In the past, a handful of cases have emerged after GPs or social services became suspicious about children already in Britain. Last October, a High Court judge ruled that a London couple, who were unable to conceive, could keep a baby girl born in Nigeria.
The woman’s GP became suspicious after they returned home and DNA tests showed that they were not the child’s biological parents.
They successfully argued that they had been duped into thinking that a Nigerian witch doctor had helped them conceive. The woman said she had been given drugs by the witch doctor to stimulate labour pains.
The British court cases come amid growing concern in Nigeria over an illicit trade in newborn babies. Hundreds of childen are believed to have been taken at birth from vulnerable young mothers and sold to childless couples including foreigners.
According to some Nigerian reports, girls as young as 14 are kept on “baby farms” until they give birth. They are paid as little as 10 pounds for their babies. Others agree to sell their babies to avoid their families finding out they are pregnant or because they are too poor to pay for healthcare.
Earlier this month, 32 pregnant girls were discovered at an alleged baby farm, The Seat of Happiness Care Centre, in a remote area on the edge of the city of Aba, in southern Nigeria.
It described itself as a charitable home for single mothers and orphans.
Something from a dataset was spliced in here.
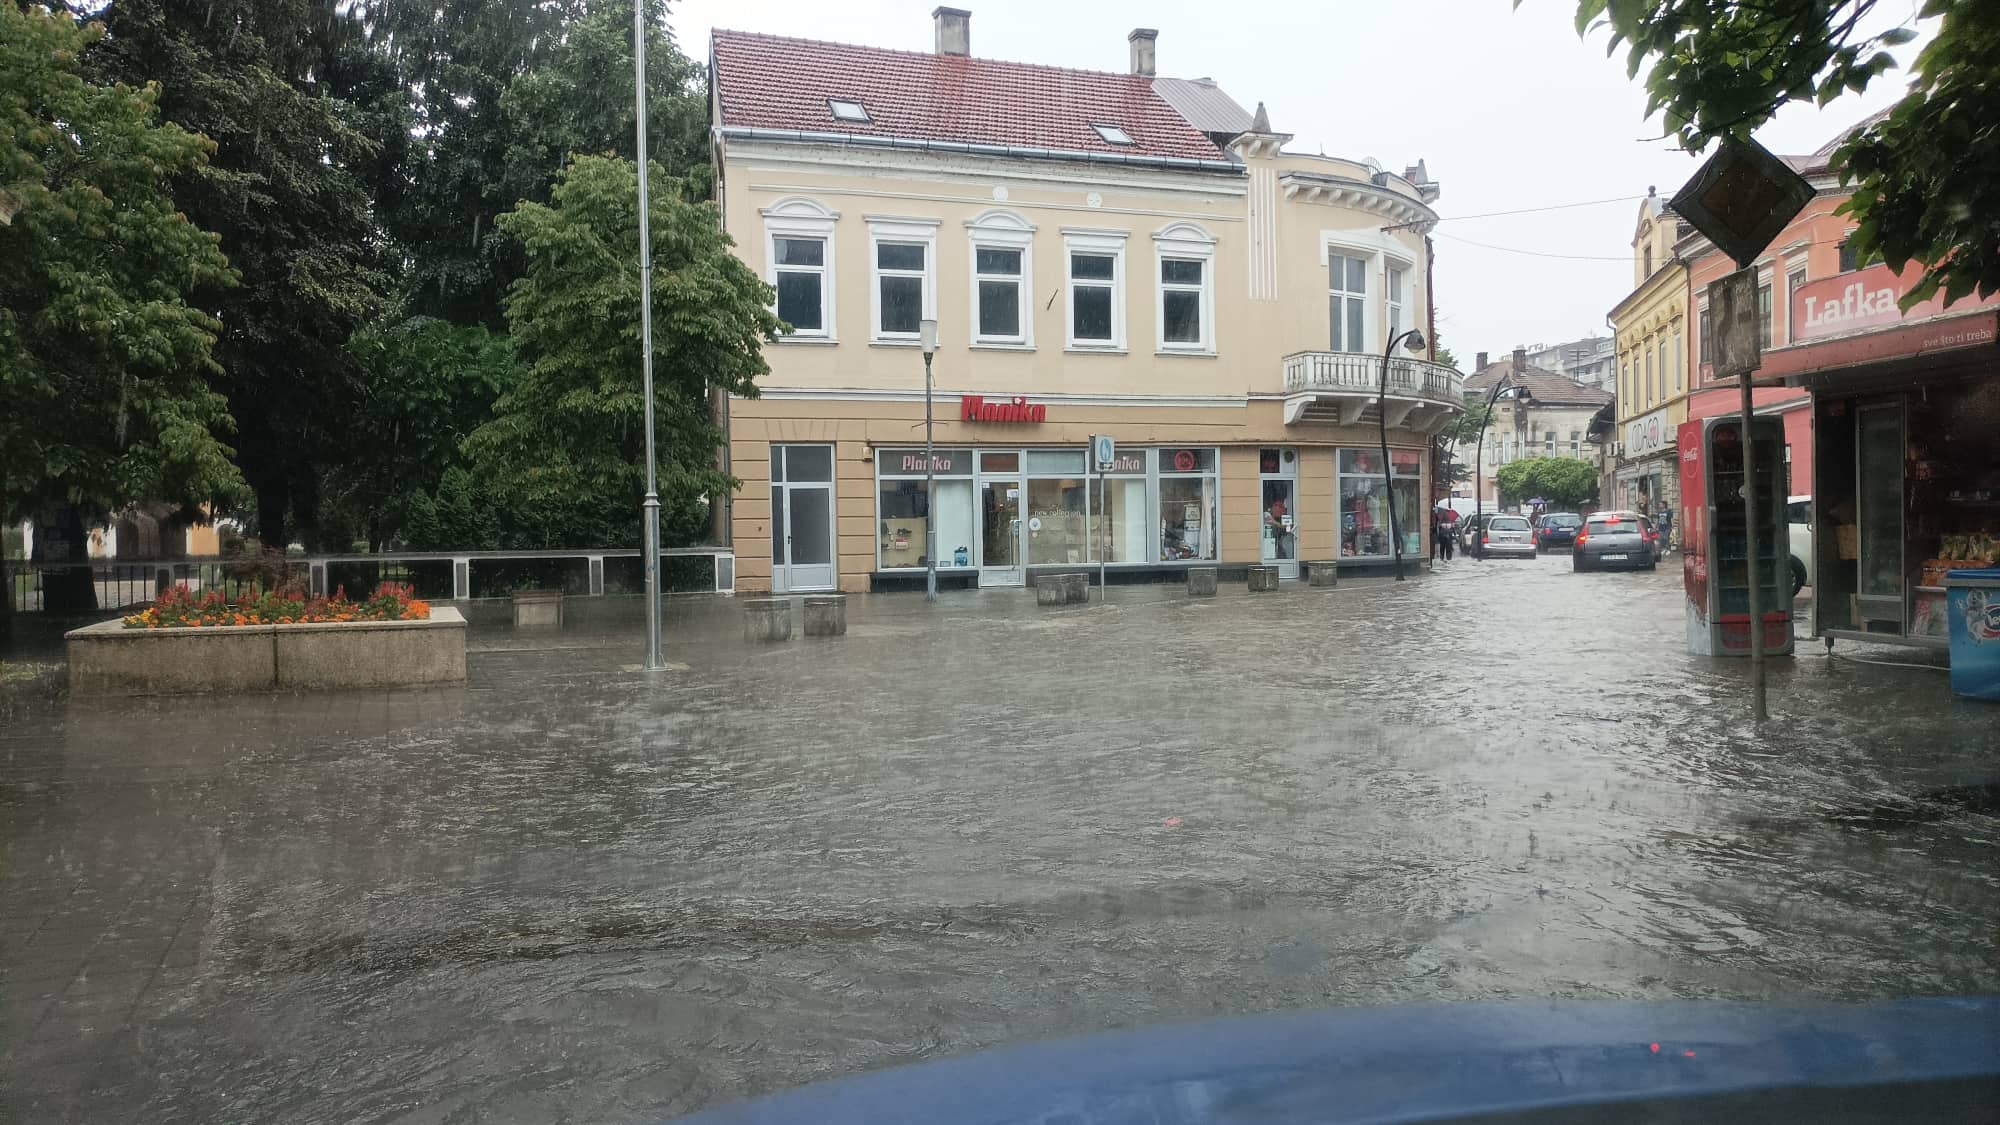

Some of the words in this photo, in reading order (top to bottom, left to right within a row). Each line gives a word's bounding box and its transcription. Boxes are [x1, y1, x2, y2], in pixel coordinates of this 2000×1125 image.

They were housed in bungalows with metal bars on the windows behind a tall security fence topped with barbed wire.
Commandant Ben Dikuro, from the Nigerian Security and Civil Defence Corps, told Nigerian newspaper The Sun: “Girls who get pregnant are lured to the home with rosy promise of compensation when they deliver.
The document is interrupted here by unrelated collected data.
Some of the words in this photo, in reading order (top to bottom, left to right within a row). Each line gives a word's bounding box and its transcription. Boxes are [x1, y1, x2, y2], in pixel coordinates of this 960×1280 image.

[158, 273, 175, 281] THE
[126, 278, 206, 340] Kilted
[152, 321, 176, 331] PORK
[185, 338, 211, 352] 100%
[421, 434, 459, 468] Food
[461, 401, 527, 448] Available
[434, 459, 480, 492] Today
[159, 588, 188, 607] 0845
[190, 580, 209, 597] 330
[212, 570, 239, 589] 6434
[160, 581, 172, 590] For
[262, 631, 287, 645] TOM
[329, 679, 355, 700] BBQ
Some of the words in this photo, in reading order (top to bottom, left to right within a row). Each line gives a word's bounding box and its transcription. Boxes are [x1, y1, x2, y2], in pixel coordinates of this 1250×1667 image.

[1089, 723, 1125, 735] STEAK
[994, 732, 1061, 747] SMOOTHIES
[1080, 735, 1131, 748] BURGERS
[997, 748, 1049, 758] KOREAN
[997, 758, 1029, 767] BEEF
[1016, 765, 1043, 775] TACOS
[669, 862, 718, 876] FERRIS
“Also young girls who need money are also convinced to get pregnant and deliver the child and be paid some amount of money.”
The owner of the home, Nnenna Mba, denied she had ever forced mothers to hand over their babies or sold them.
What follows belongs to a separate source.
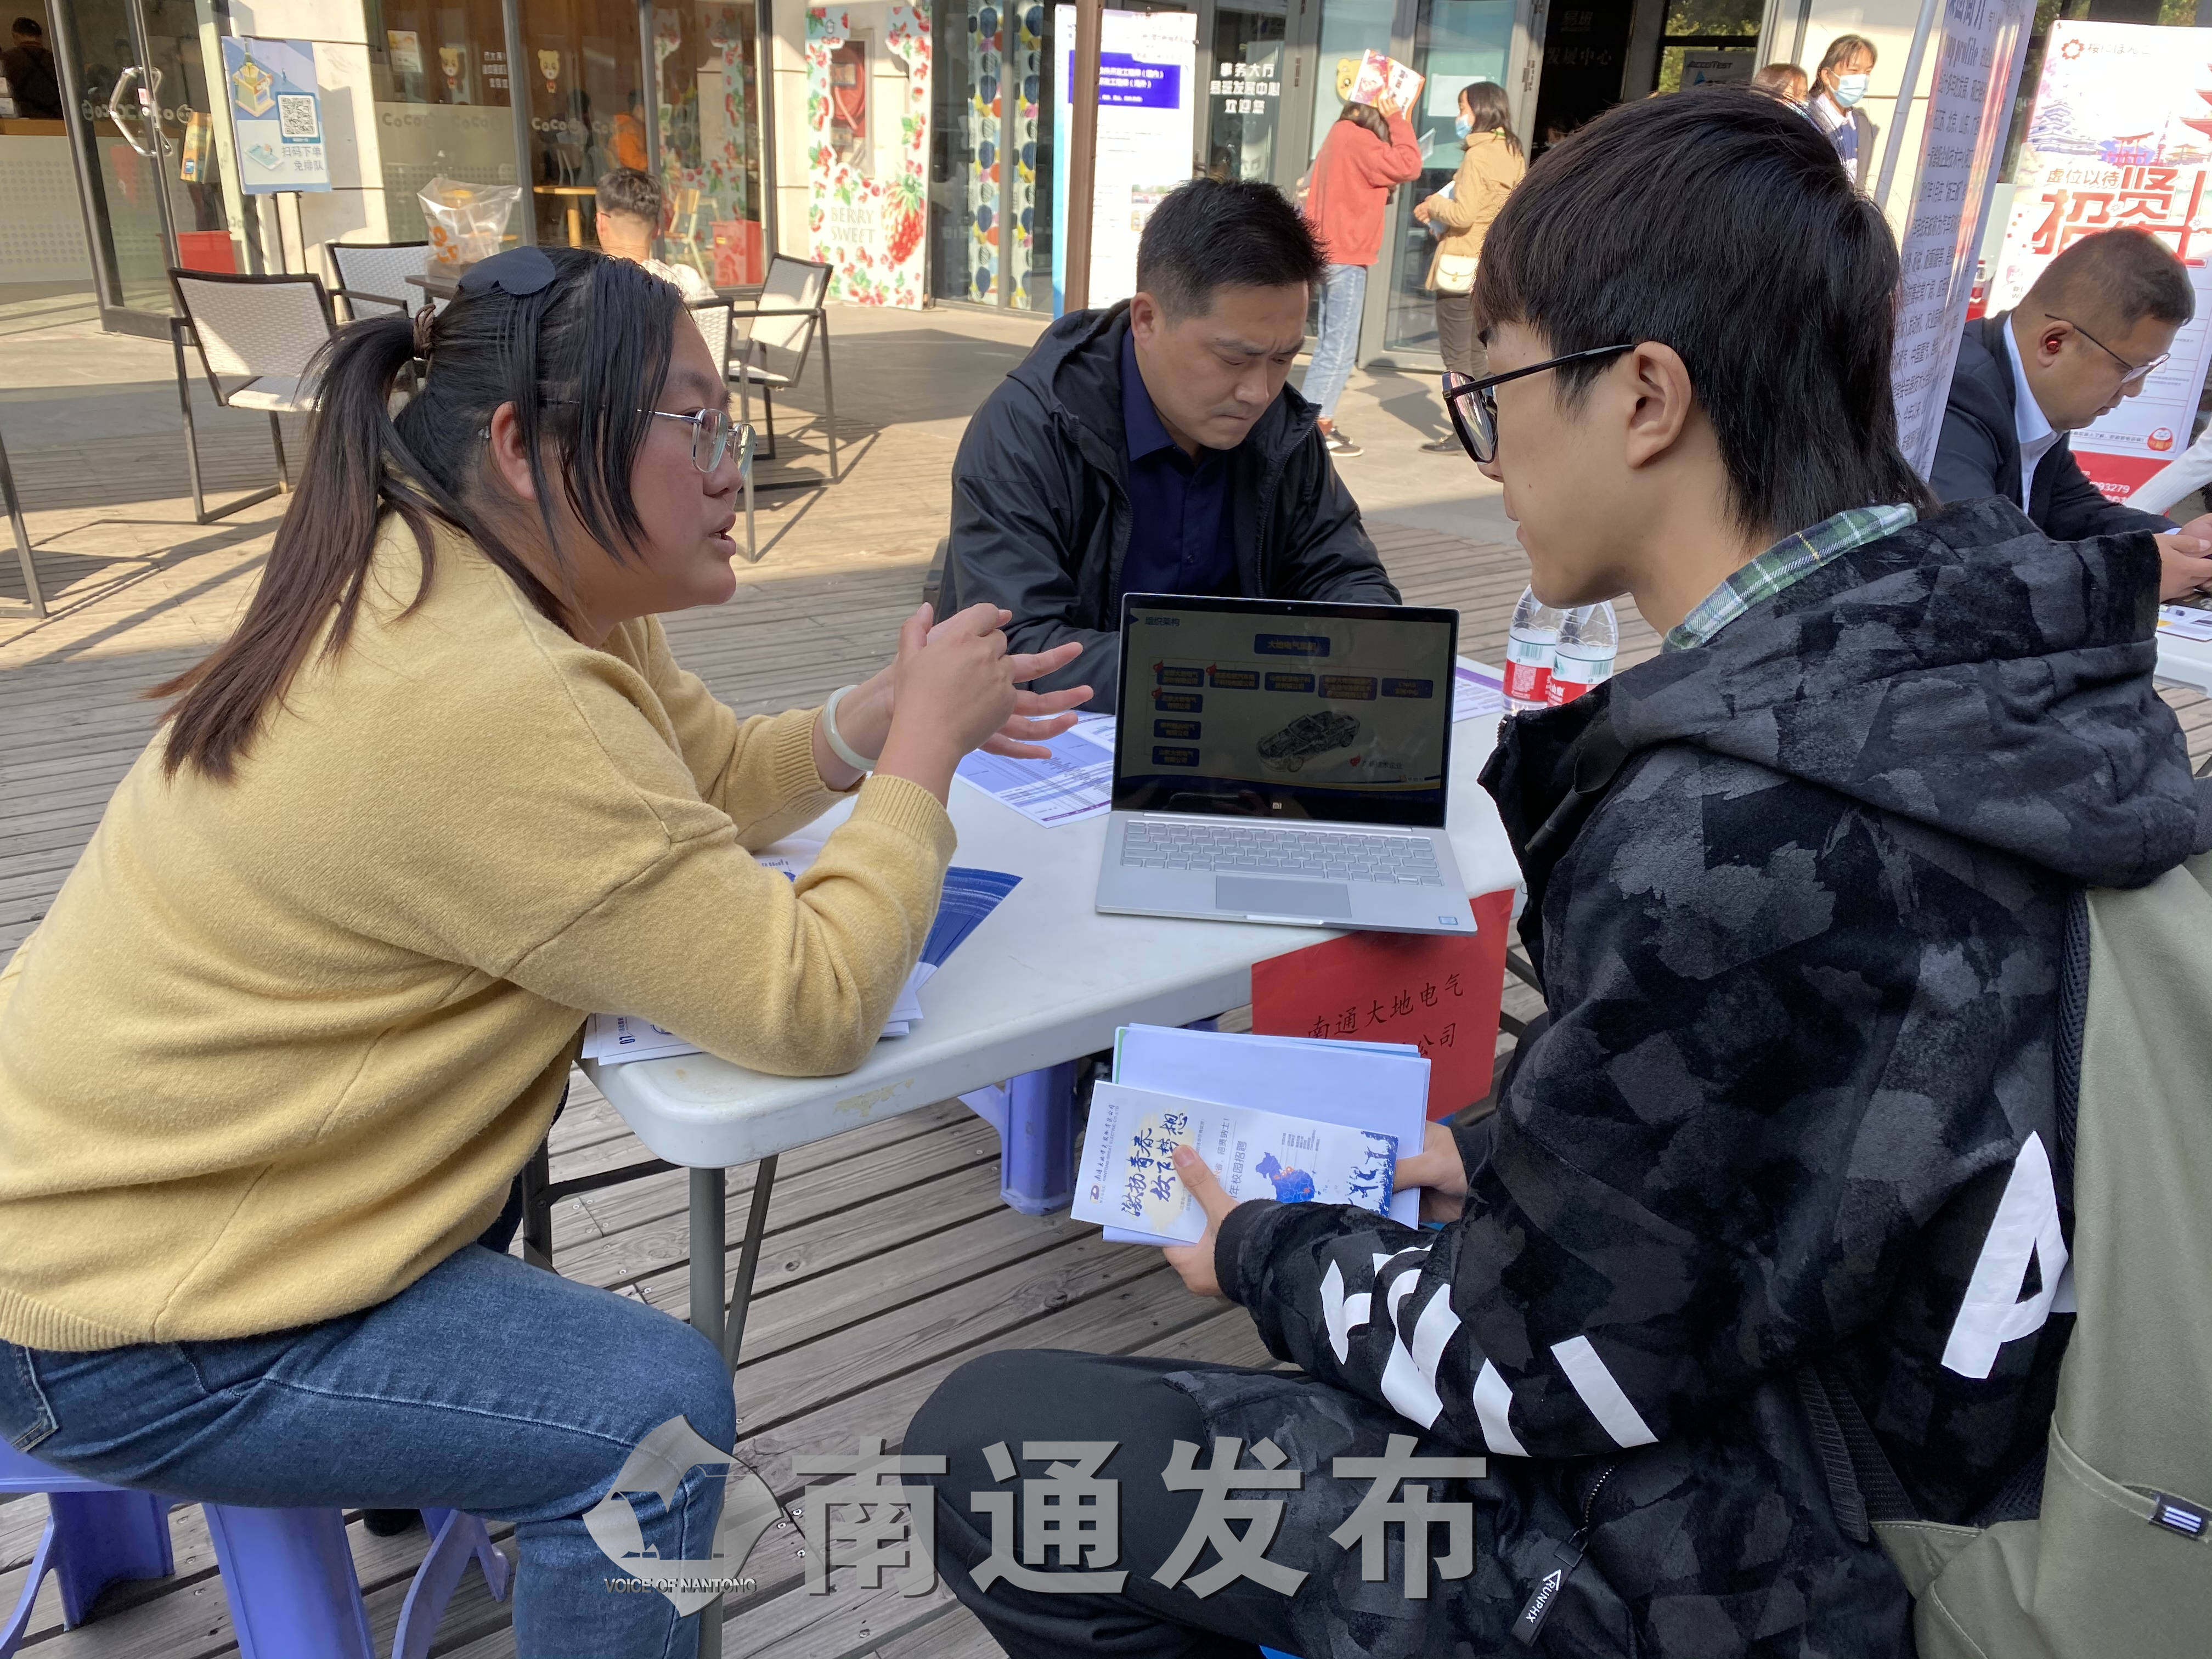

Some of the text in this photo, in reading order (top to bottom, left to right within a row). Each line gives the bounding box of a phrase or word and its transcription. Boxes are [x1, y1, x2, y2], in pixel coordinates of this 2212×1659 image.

She told the newspaper the home was properly registered and that any adoptions were dealt with by the authorities.
“We only act as intermediaries,” she said. “They (the mothers) are all conscious. I did not force them. I am a qualified nurse.”
Nkiruka Michael, head of the National Agency for the Prohibition of Traffic in Persons (Naptip) office in Enugu, a state capital in southern Nigeria, said last week that Naptip was campaigning for the law on child trafficking to be tight-ended up.
Lack of resources was hampering efforts, however. The agency has only one vehicle to cover the five states supervised from her office.
“The situation is terribly bad… baby factory operators now enjoy free rein,” she said.
The Sunday Times has learnt that Naptip is investigating another charity that is alleged to have put pressure on vulnerable young mothers to give up their babies. The Refuge, Girls Home in Calabar, in the far South of the country, was set up to help teenage girls with unwanted pregnancies by Mothers Against Child Abandonment, a charity run by Obioma Liyel Imoke, the wife of the governor of Cross River State.
Imoke described allegations against the home as “false, malicious and defamatory” and politically motivated. “We have never, I repeat never, cajoed nor enticed nor forced any of our housemates to give up their babies for any monetary gains or otherwise,” she said.
The charity says all the girls are given the option of keeping their babies or handing them to the authorities for adoption, which it does not arrange itself.